The Census of Marine Life

This week saw the first report of the Census of Marine Life. This has been a worldwide project spanning in the last 10 years, aiming to catalogue the diversity, distribution and...
10 October 2010

Interview with 

Enric Sala, Ann Bucklin, Kristina Gjerde


Sarah -  This week saw the first report of the Census of Marine Life.  This has been a worldwide project spanning in the last 10 years, aiming to catalogue the diversity, distribution and abundance of life in the oceans.  I went along to launch of the census report in London and spoke to Marine Ecologist Enric Sala...

Yellowfin tuna, Thunnus albacaresEnric Sala -   Well today was a celebration of 10 years of great work and 2700 people from 8 different countries who have worked their *beep* off for 10 years.  This project has completely transformed our vision of the ocean.  So right now, we know that there are far more species than we thought, that the ocean life is more connected than we thought, but also, that it's more impacted by human activities than we thought 10 years ago.

Sarah -   That was Enric Sala who acted as compere for all the talks and discussions throughout the day of the launch, and was also involved in looking back at fish populations of the past for the survey.  As Enric said, this was a global effort.  Researchers went out and collected samples, took photographs and measurements from all types of marine ecosystem.  From tropical mangroves to under the sea ice in Antarctica, to abyssal planes and ocean trenches out to the open ocean, to try and get an idea of what species were living in each area.  During the census, they found 6,000 potential new species and have pushed up the estimate for total marine species to over 250,000.  One of the methods pioneered by the census was DNA barcoding which allows you to take a sample from an ecosystem and identify all the animals present.  Ann Bucklin is from the University of Connecticut...

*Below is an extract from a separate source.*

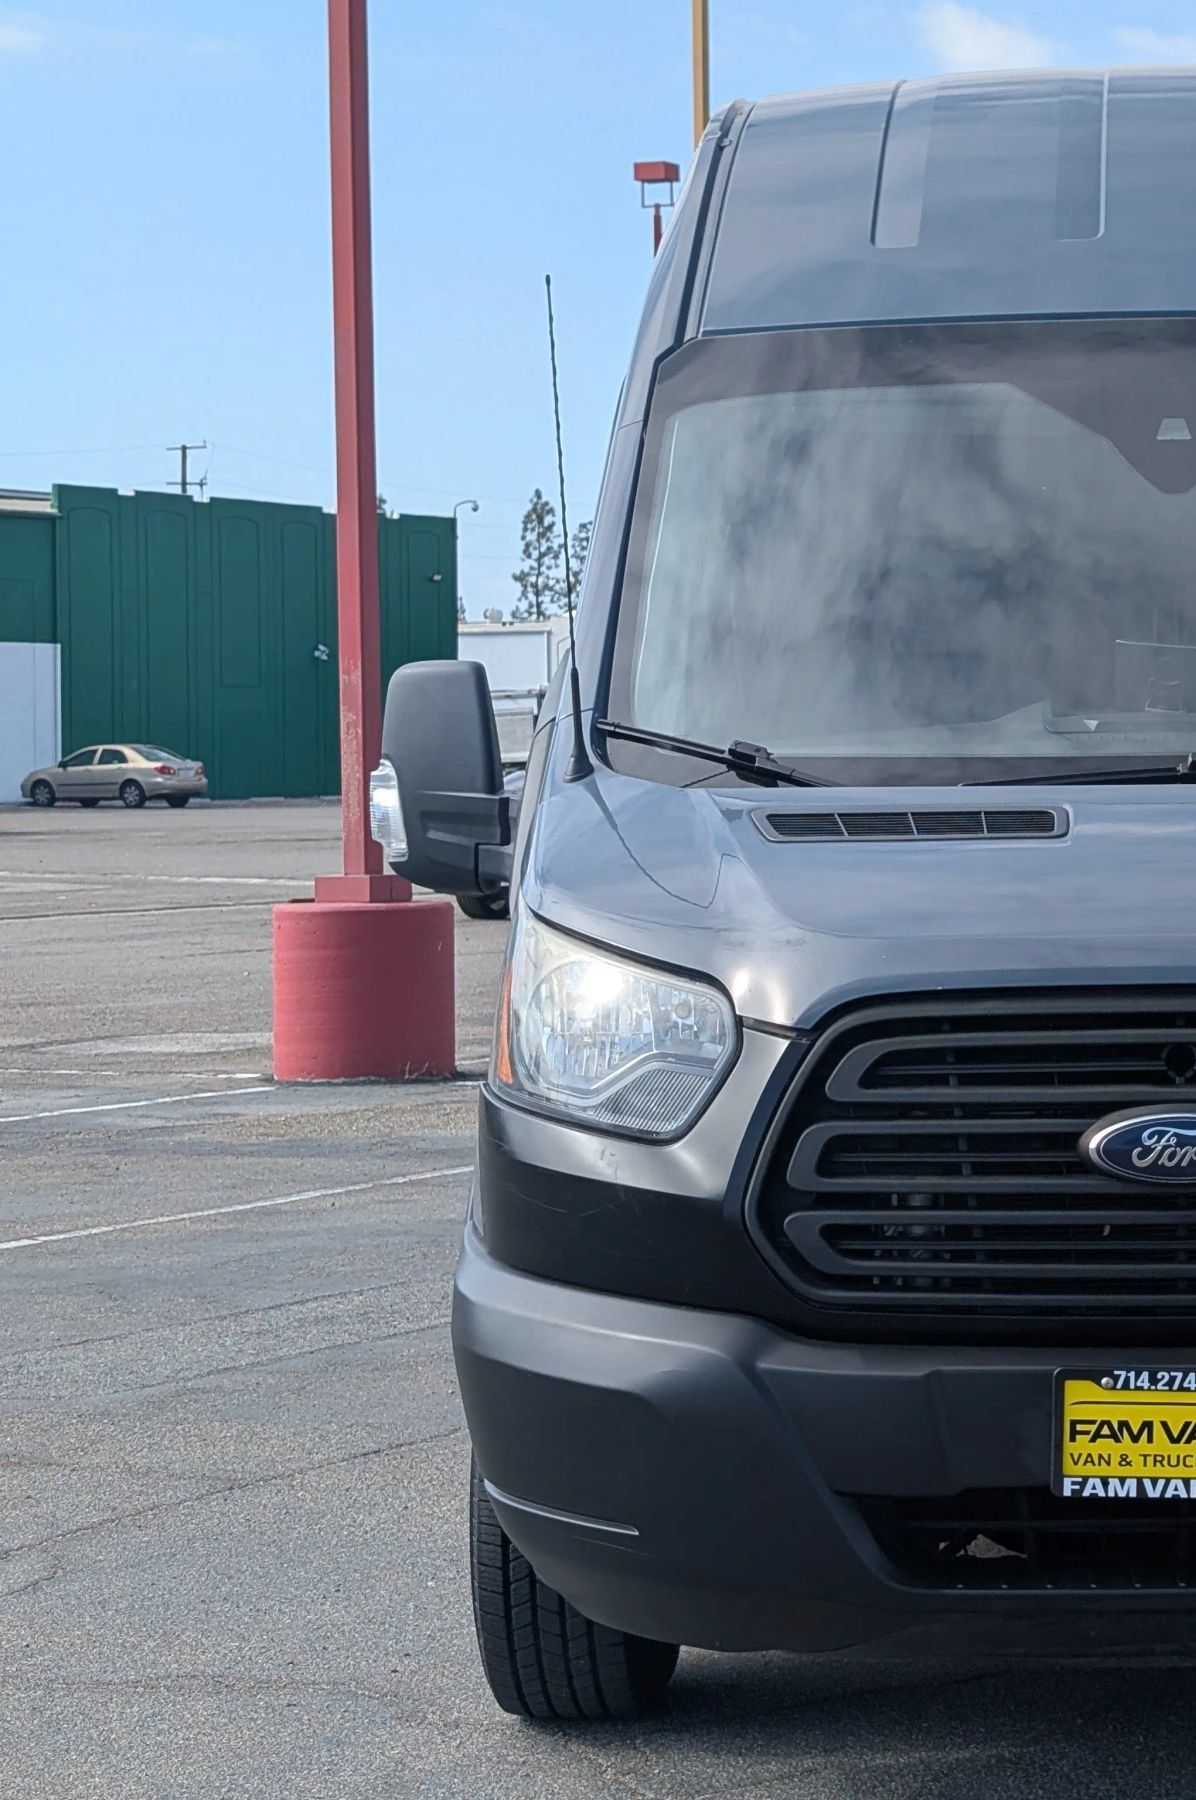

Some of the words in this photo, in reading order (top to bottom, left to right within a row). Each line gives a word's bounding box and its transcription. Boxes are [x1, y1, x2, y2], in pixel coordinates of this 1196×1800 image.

[1068, 1418, 1154, 1444] FAM
[1069, 1452, 1112, 1467] VAN
[1119, 1454, 1133, 1468] &
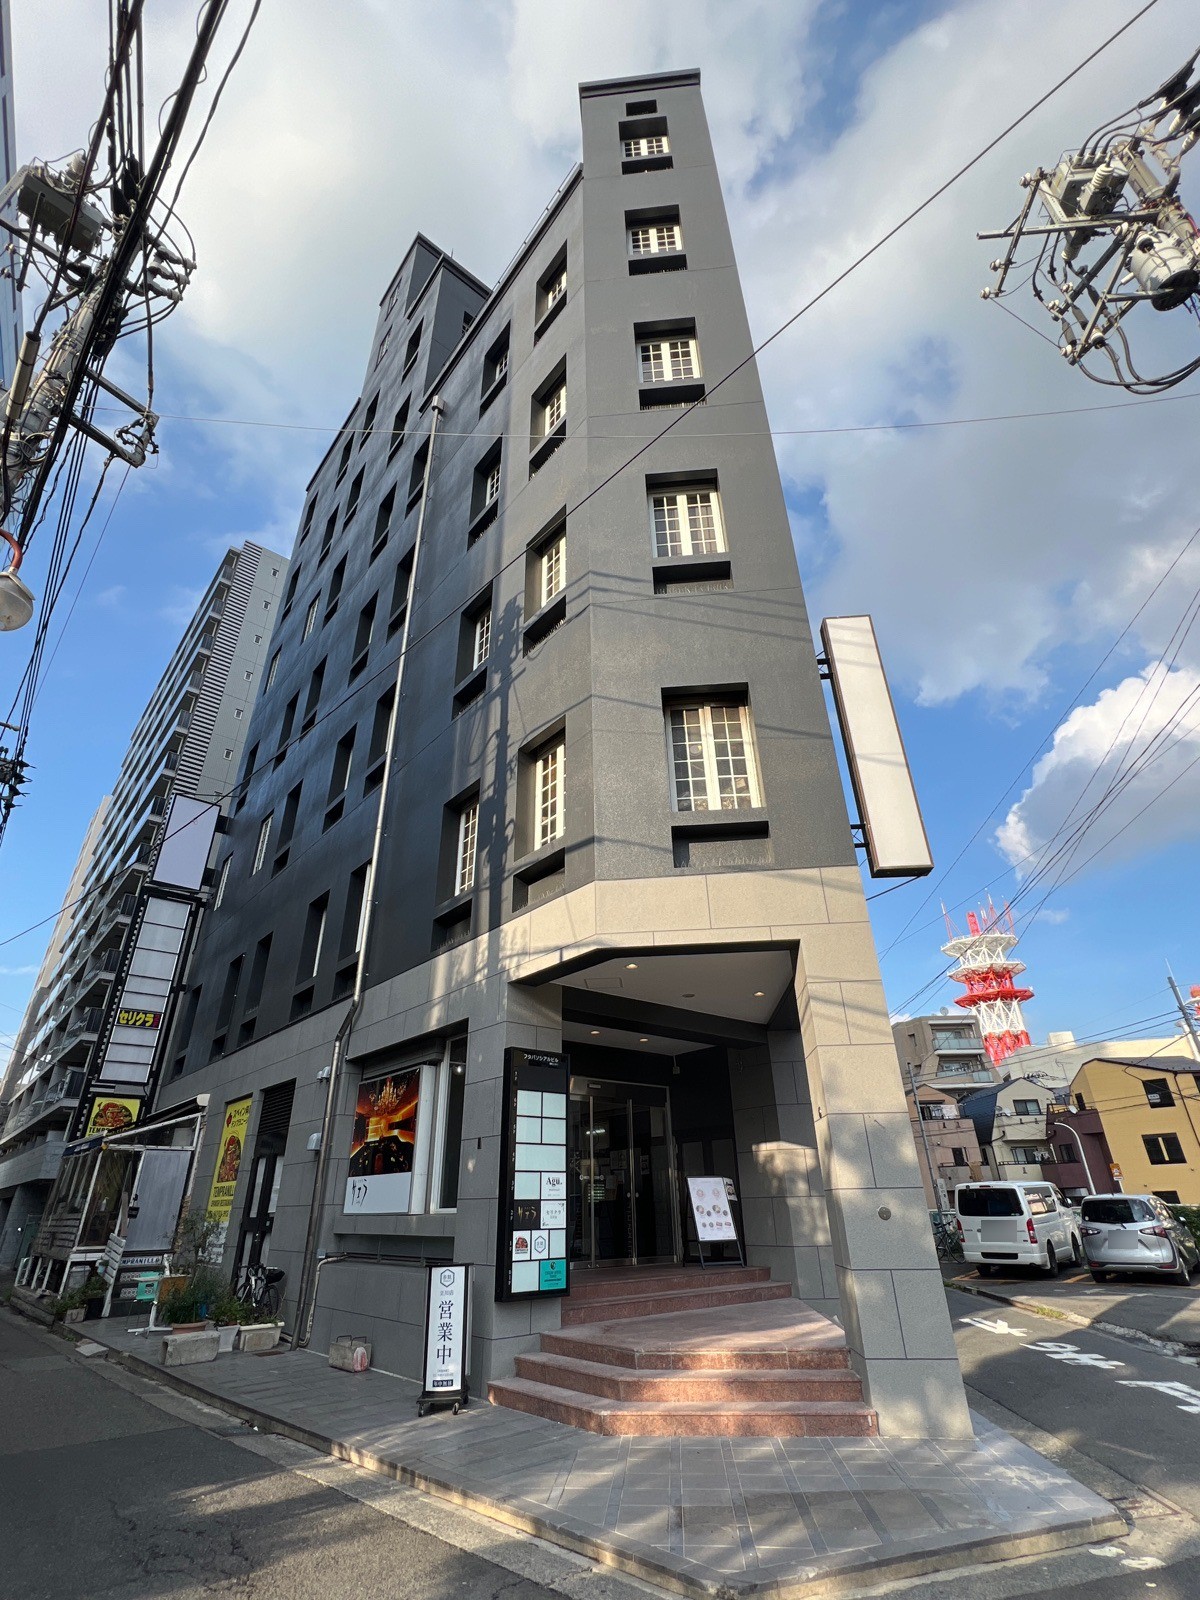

Ann Bucklin -   The way the census has started bar coding is what we called "gold standard barcoding".  We work from an identified specimen and we determine the sequence.  And so now, we have a gold standard.  We have a DNA sequence with a name on it.  Overall, 35,000 species of marine organisms, marine animals have been barcoded.  Now, what we're starting to do is to take that scoop of animals; whether it's a net sample of plankton, a scoop of sediment, any kind of habitat you could name, and we're doing deep sequencing with the new high throughput sequencing, to tell us how many species we think are in that sample.  Some of those will match our library of gold standard barcodes, some will not, but some will be close enough so that we can classify them.  So we say, we don't know what copepod that is, but we know it's a copepod.  That's the power of what we call environmental barcoding.

Sarah -   Ann Bucklin there.  In terms of the distribution of species, researchers used a range of tracking methods including satellites and acoustic techniques to find out where, when and how far species travel.  The tracking studies, as well as looking at the genetics in different areas, led the census to conclude that ecosystems and marine species are much more interconnected than we thought, which really has important implications for conservation.  Looking at abundance, this is where it becomes a much less positive story.  The census estimates that 90% of top marine predators like tuna, marlin and sharks have been lost in the last 50 years alone, due to over-exploitation and habitat loss.  And looking much further back, they found that humans have been impacting fish populations for much longer than we previously thought, certainly back at least 2,000 years.  But the census isn't just an interesting piece of zoological and ecological information.  It could also act as a guide to inform conservation efforts and as a guide to policy makers.  As Maritime Lawyer turned Ocean Conservation Adviser, Kristina Gjerde explains...

Kristina Gjerde -   Bringing the high seas, the oceans into the living room will help to stir some concern about what is the state of the ocean these days and if that concern can be translated to our policy makers that're in our capitals, in our hometowns then we would start to see some action.

Sarah -   That was Kristina Gjerde, talking to me at the Royal Institution in London.